[Working data — start]

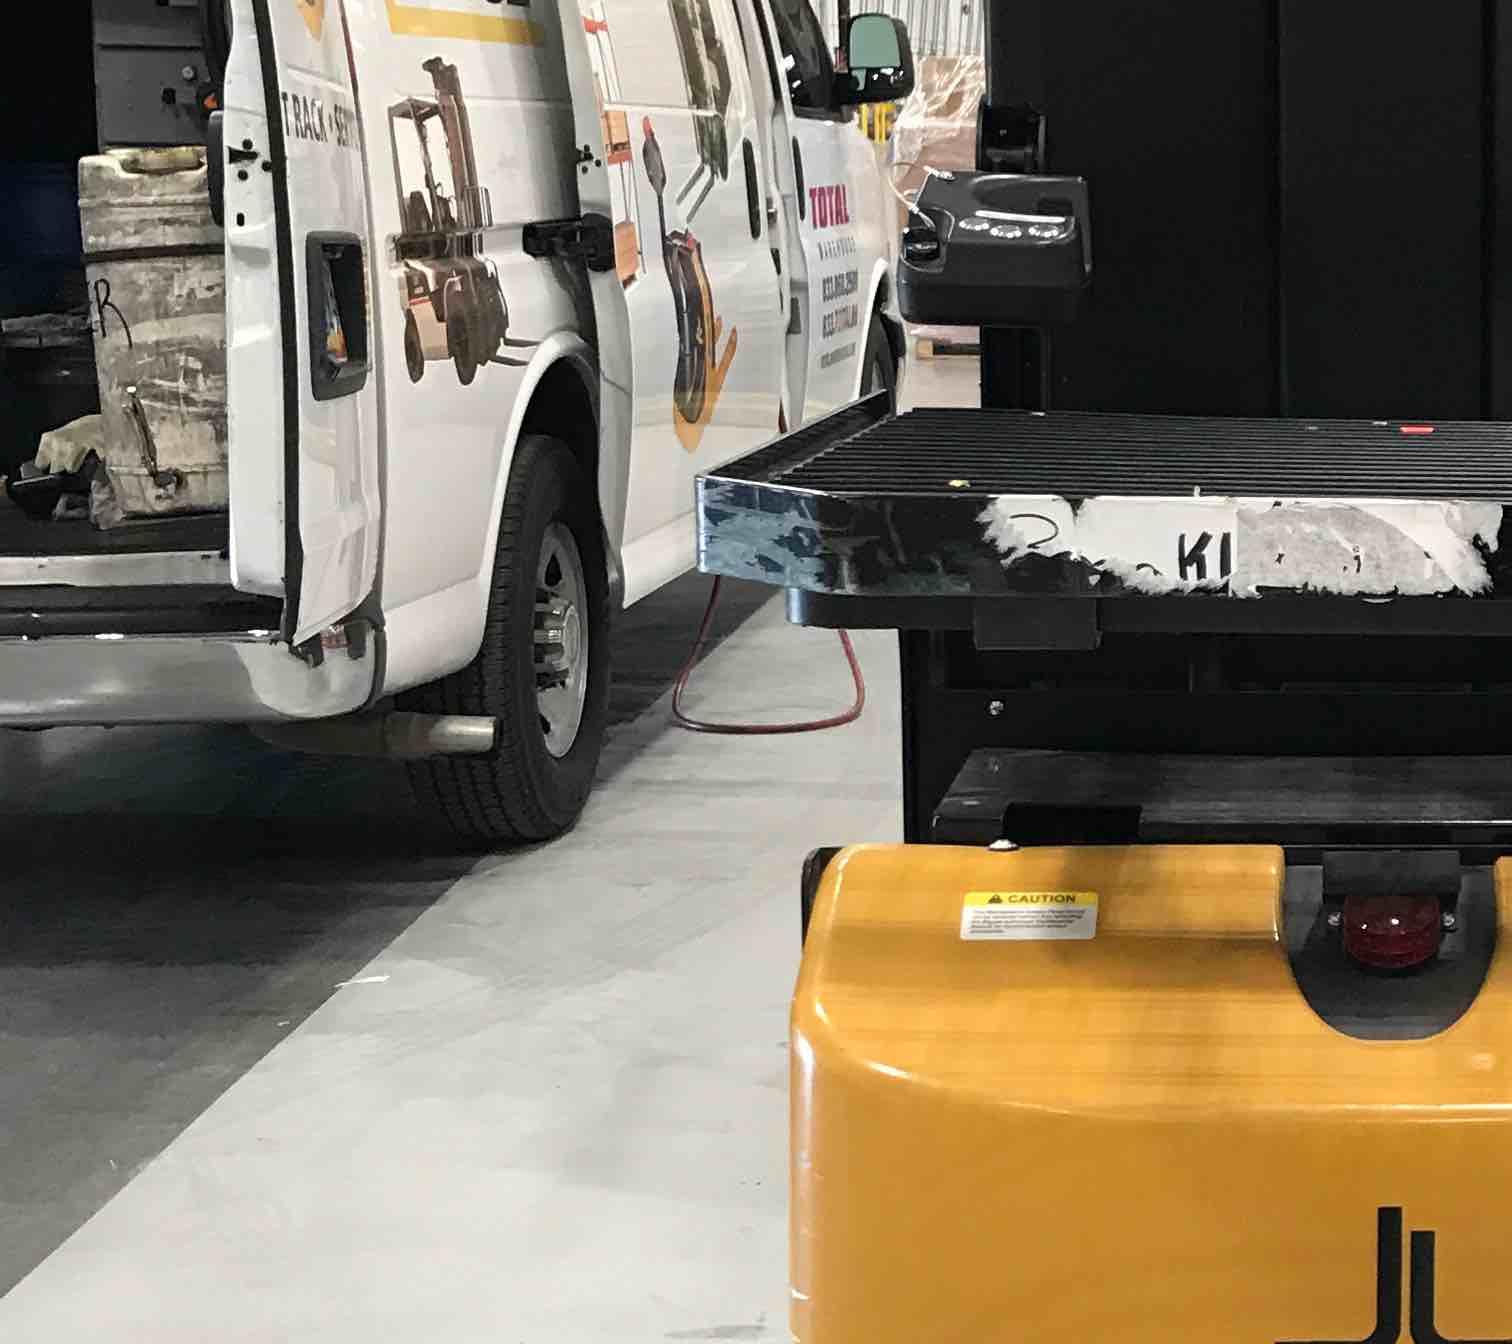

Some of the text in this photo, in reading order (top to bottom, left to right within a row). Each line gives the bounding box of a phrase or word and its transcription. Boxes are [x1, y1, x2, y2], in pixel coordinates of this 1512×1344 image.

[292, 94, 328, 143] RACK
[809, 184, 849, 230] TOTAL
[1008, 894, 1076, 905] CAUTION
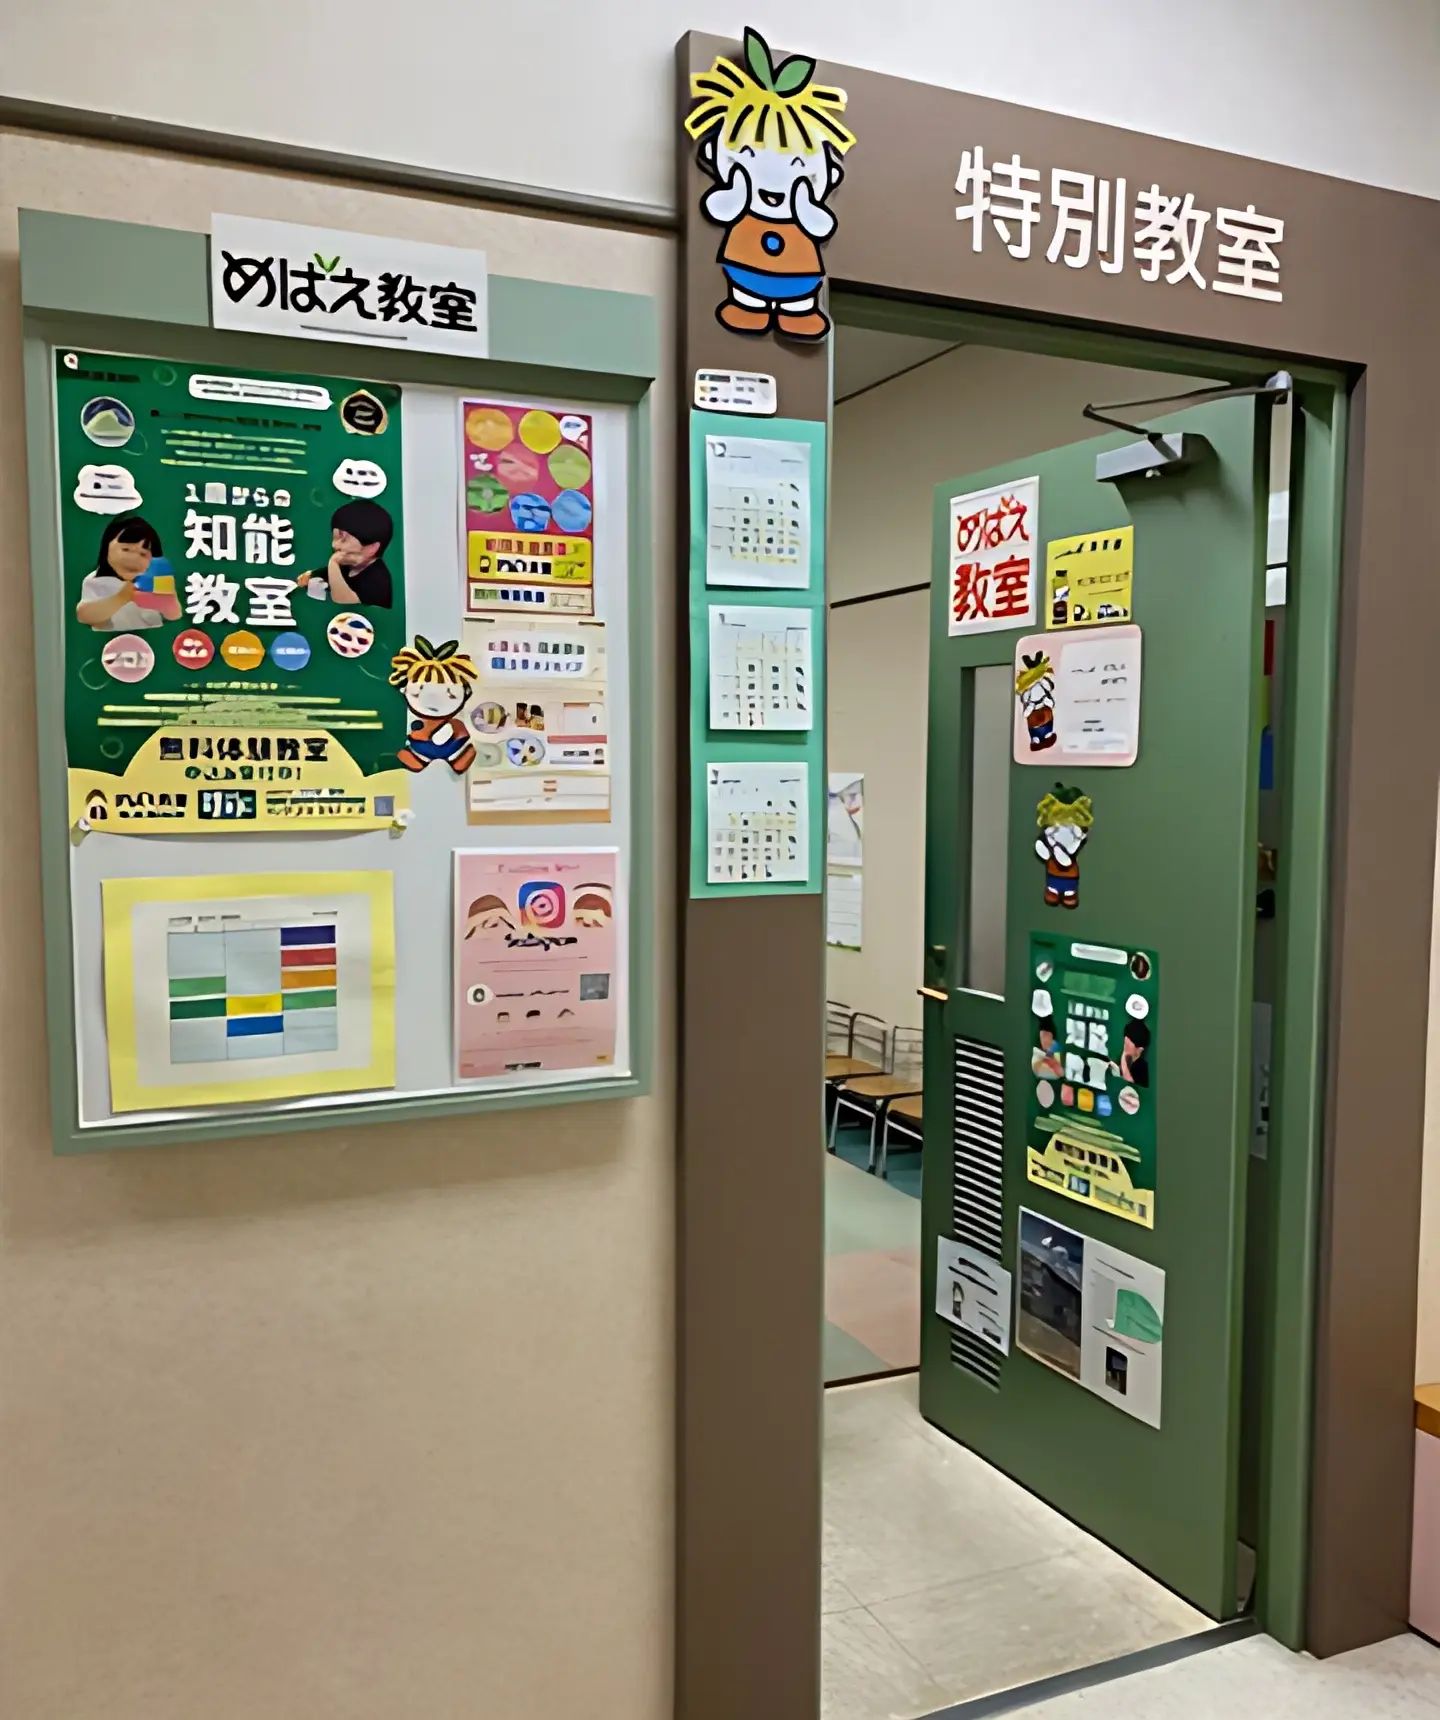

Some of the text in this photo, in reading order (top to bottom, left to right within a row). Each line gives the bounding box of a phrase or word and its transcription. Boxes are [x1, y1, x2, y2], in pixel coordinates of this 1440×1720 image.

[954, 145, 1285, 302] 特別教室
[221, 250, 478, 332] めばえ教室
[183, 508, 296, 566] 知能
[957, 494, 1030, 553] めばえ
[184, 572, 299, 626] 教室
[952, 555, 1031, 622] 教室
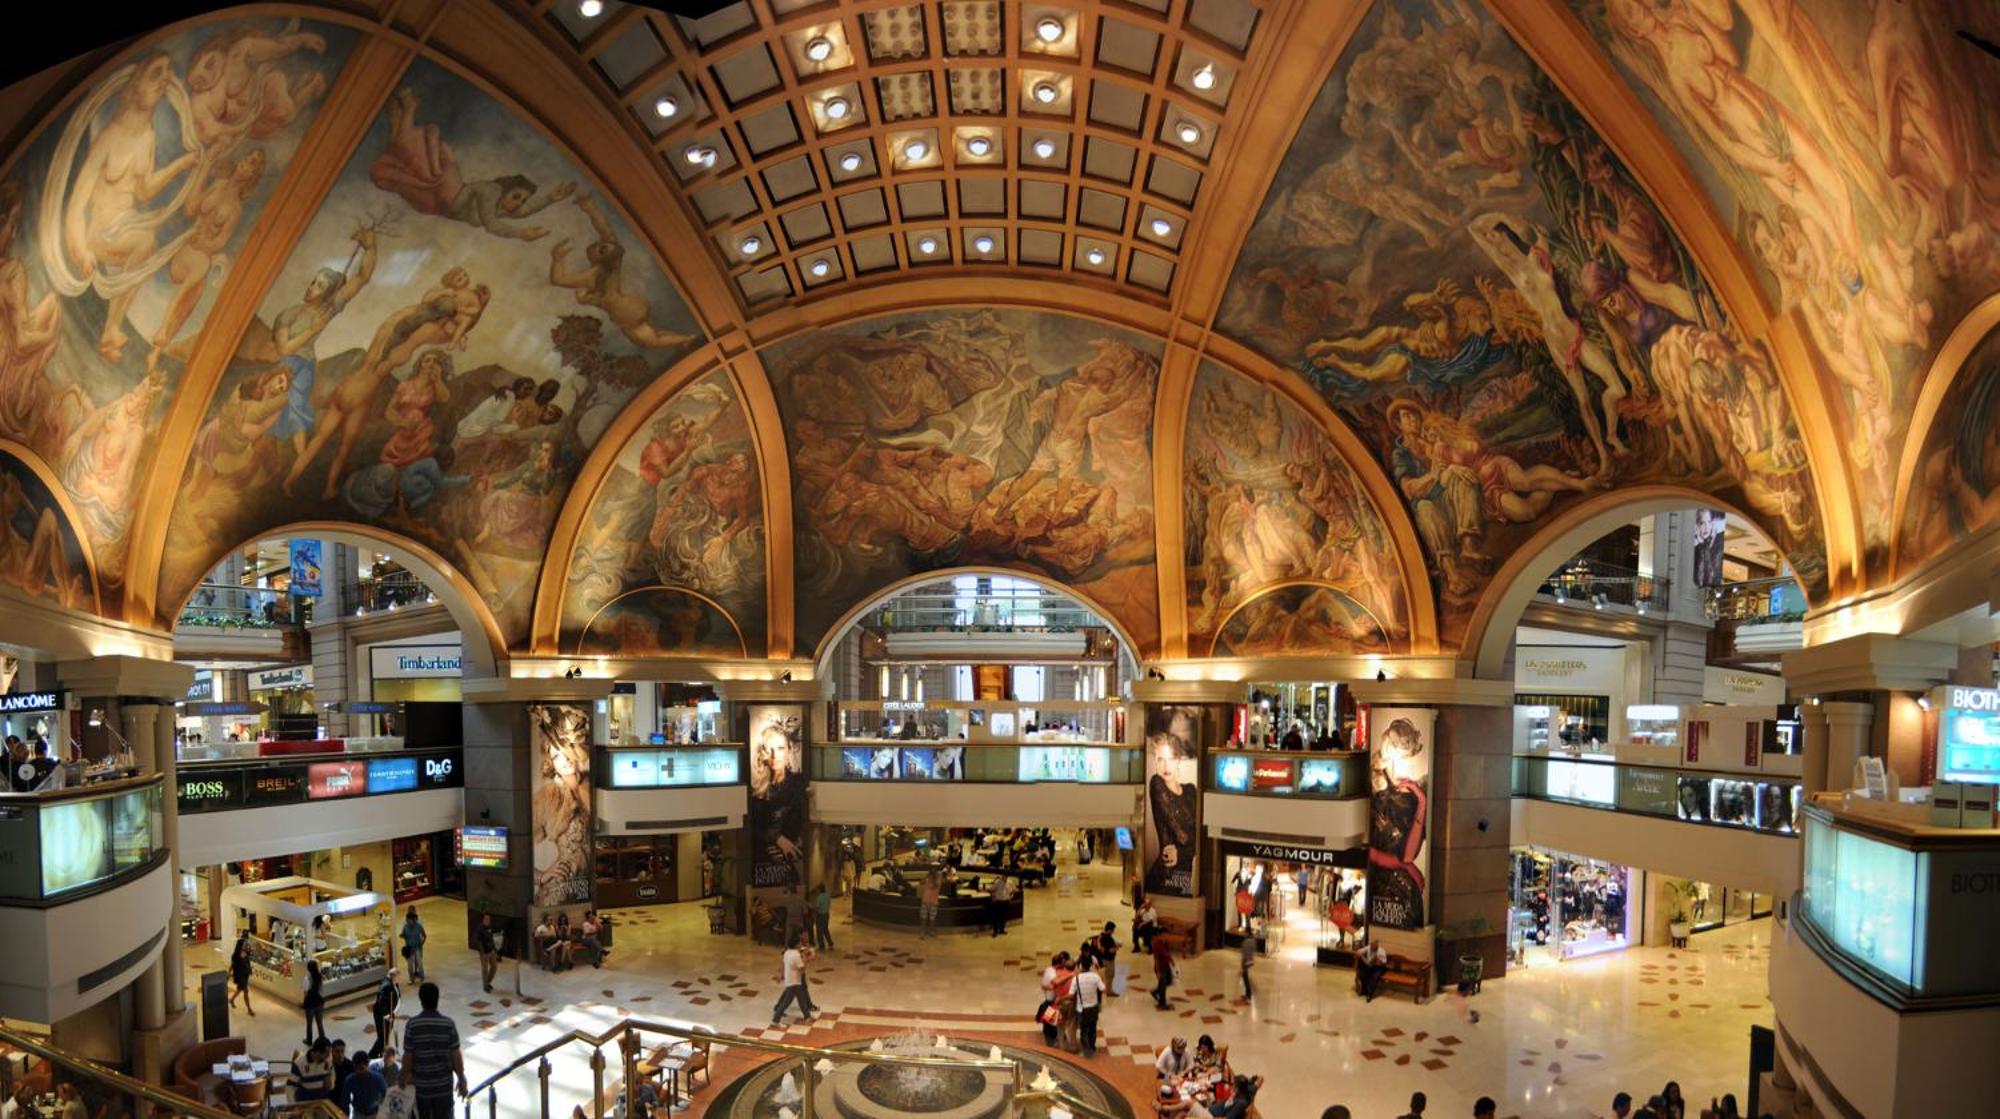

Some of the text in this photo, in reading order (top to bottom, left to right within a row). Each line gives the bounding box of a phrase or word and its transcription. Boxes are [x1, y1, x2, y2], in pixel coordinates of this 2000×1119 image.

[397, 655, 462, 670] Timberland
[426, 759, 452, 776] D&G
[186, 781, 224, 796] BOSS
[1253, 845, 1334, 863] YAGMOUR
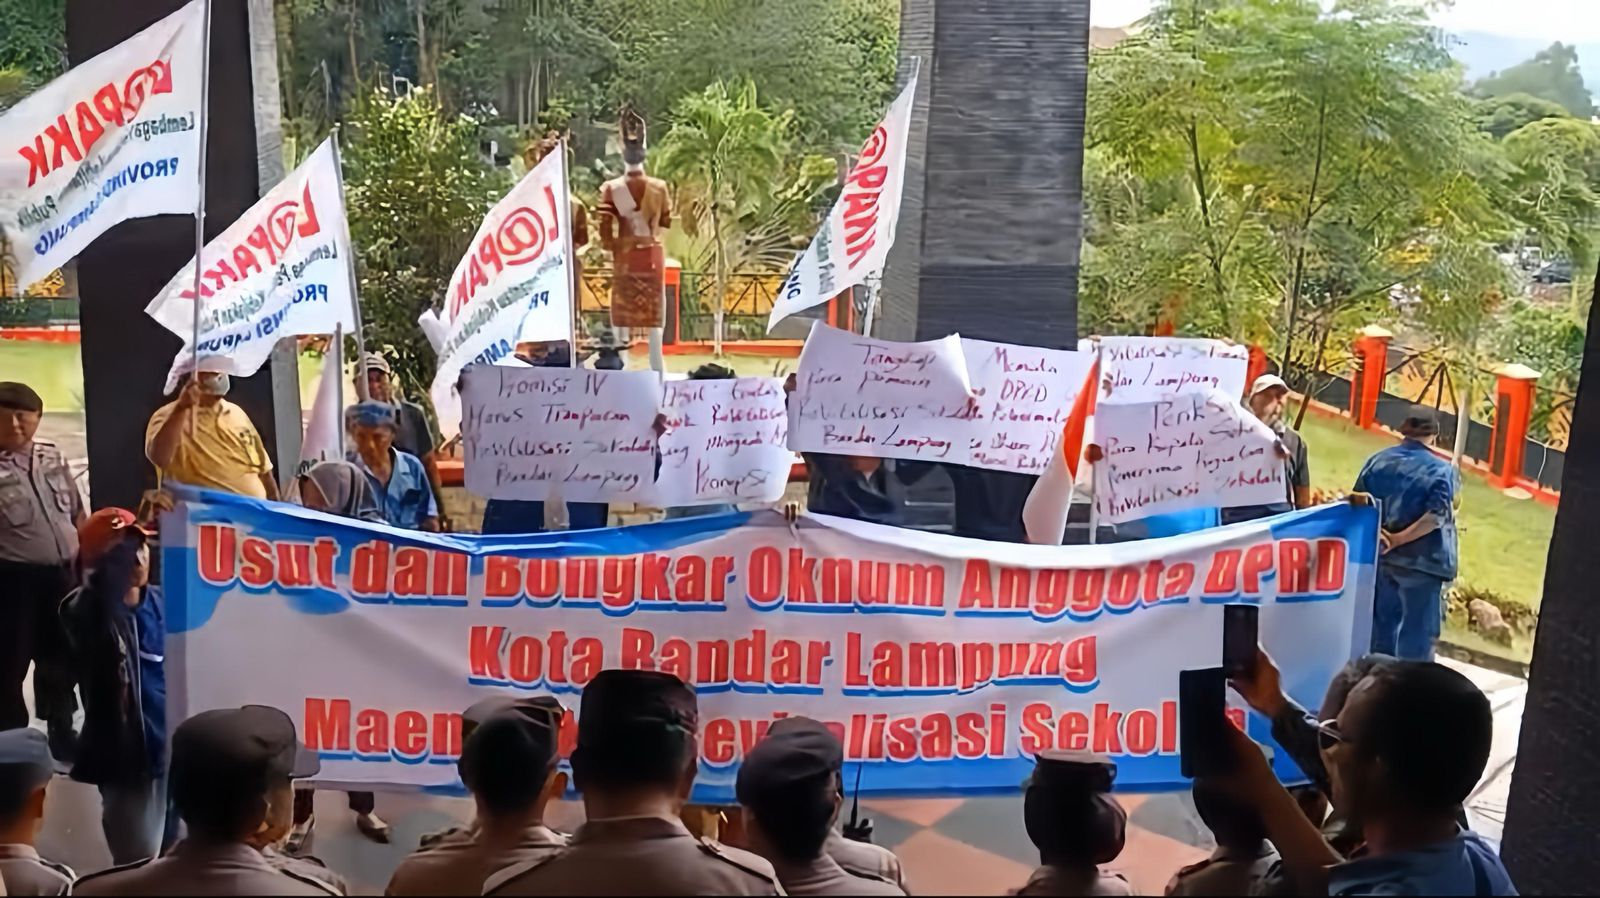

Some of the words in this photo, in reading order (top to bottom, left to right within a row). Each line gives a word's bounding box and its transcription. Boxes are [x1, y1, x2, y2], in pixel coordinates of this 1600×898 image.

[584, 373, 609, 397] IV
[199, 526, 334, 586] Usut
[352, 542, 466, 594] dan
[748, 546, 944, 606] Oknum
[959, 559, 1194, 614] Anggota
[1204, 541, 1344, 593] DPRD
[469, 626, 603, 684] Kota
[621, 627, 830, 684] Bandar
[844, 632, 1096, 688] Lampung
[1020, 701, 1178, 753] Sekol

[Working data — finish]

▸ **Task instructions**
Give the entries above again in full and exactly, but not the pictures.

▸ **Answer space**
Some of the text in this photo, in reading order (top to bottom, left to right within a row). Each line gives the bounding box of a phrase or word and its transcription. Boxes are [x1, y1, x2, y2], in pixel coordinates of this 1512×1344 image.

[292, 94, 328, 143] RACK
[809, 184, 849, 230] TOTAL
[1008, 894, 1076, 905] CAUTION

Some of the text in this photo, in reading order (top to bottom, left to right within a row). Each line gives the bounding box of a phrase or word and its transcription. Boxes are [x1, y1, x2, y2], in pixel coordinates of this 1440×1720 image.

[954, 145, 1285, 302] 特別教室
[221, 250, 478, 332] めばえ教室
[183, 508, 296, 566] 知能
[957, 494, 1030, 553] めばえ
[184, 572, 299, 626] 教室
[952, 555, 1031, 622] 教室

Some of the text in this photo, in reading order (top to bottom, left to right within a row). Each line gives the bounding box of a phrase or word and its transcription. Boxes are [x1, y1, x2, y2], in pixel coordinates of this 2000×1119 image.

[397, 655, 462, 670] Timberland
[426, 759, 452, 776] D&G
[186, 781, 224, 796] BOSS
[1253, 845, 1334, 863] YAGMOUR

Some of the words in this photo, in reading order (top to bottom, left to right within a row). Each line gives a word's bounding box and its transcription. Boxes are [x1, y1, x2, y2], in pixel coordinates of this 1600×898 image.

[584, 373, 609, 397] IV
[199, 526, 334, 586] Usut
[352, 542, 466, 594] dan
[748, 546, 944, 606] Oknum
[959, 559, 1194, 614] Anggota
[1204, 541, 1344, 593] DPRD
[469, 626, 603, 684] Kota
[621, 627, 830, 684] Bandar
[844, 632, 1096, 688] Lampung
[1020, 701, 1178, 753] Sekol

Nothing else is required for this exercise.